UEFA announced on Friday that investigations into the finances of seven European clubs, notably English Premier League side Liverpool, are to continue after a first round of hearings.
The UEFA Club Financial Control Body (CFCB) had given itself until the end of this week to decide whether to pursue the clubs for potential breaches of their Financial Fair Play rules.
Liverpool, AS Monaco, Roma, Besiktas, Inter Milan, FC Krasnodar of Russia and Sporting Lisbon had all hoped to escape further attention but the CFCB “has decided to continue its investigations into (the) clubs that had disclosed a break-even deficit on the basis of their financial reporting periods ending in 2012 and 2013.”
The CFCB have also requested another six clubs “to provide additional information on their break-even position”.
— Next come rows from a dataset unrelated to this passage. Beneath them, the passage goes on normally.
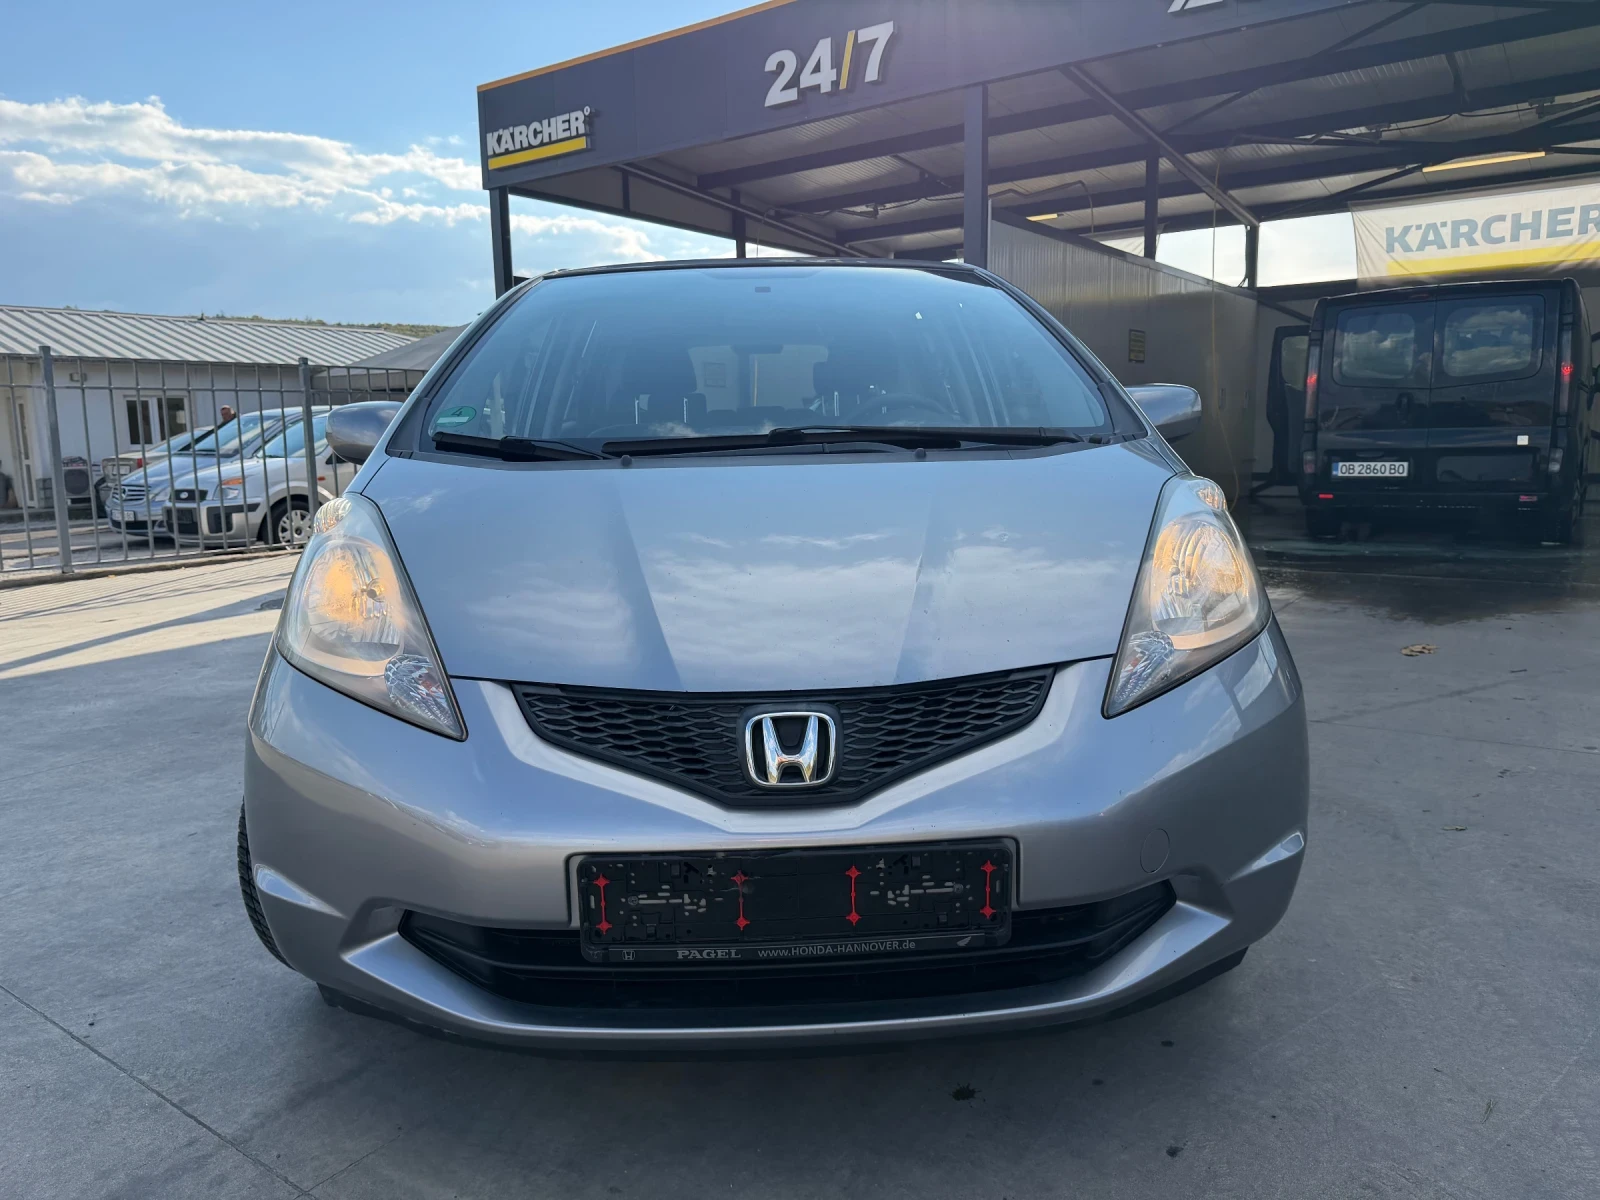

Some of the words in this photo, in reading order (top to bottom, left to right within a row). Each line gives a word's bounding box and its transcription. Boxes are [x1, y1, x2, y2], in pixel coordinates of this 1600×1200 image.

[764, 21, 894, 107] 24/7
[486, 110, 586, 156] KÄRCHER
[1385, 203, 1600, 254] KÄRCHER
[1357, 463, 1387, 475] 2860
[676, 948, 742, 960] PAGEL
[757, 939, 916, 958] www.HONDA-HANNOVER.de
The clubs in question are Premier League side Hull City, Sparta Prague, Lyon, Panathinaikos, VfL Wolfsburg and Ruch Chorzow of Poland.
Liverpool’s situation is more worrying, though.
UEFA took the same route with Manchester City and Paris Saint-Germain last season and both were eventually handed significant penalties for breaches of Financial Fair Play (FFP), including fines, limits on their capacity to sign players and the withholding of prize money from European competitions.
The principle of FFP is to prevent clubs accruing losses in excess of a E45 million ($A67 million) limit over the course of two seasons.
The goal is to stop clubs from trying to buy success in the transfer market while also racking up huge debts that could threaten the health of the game.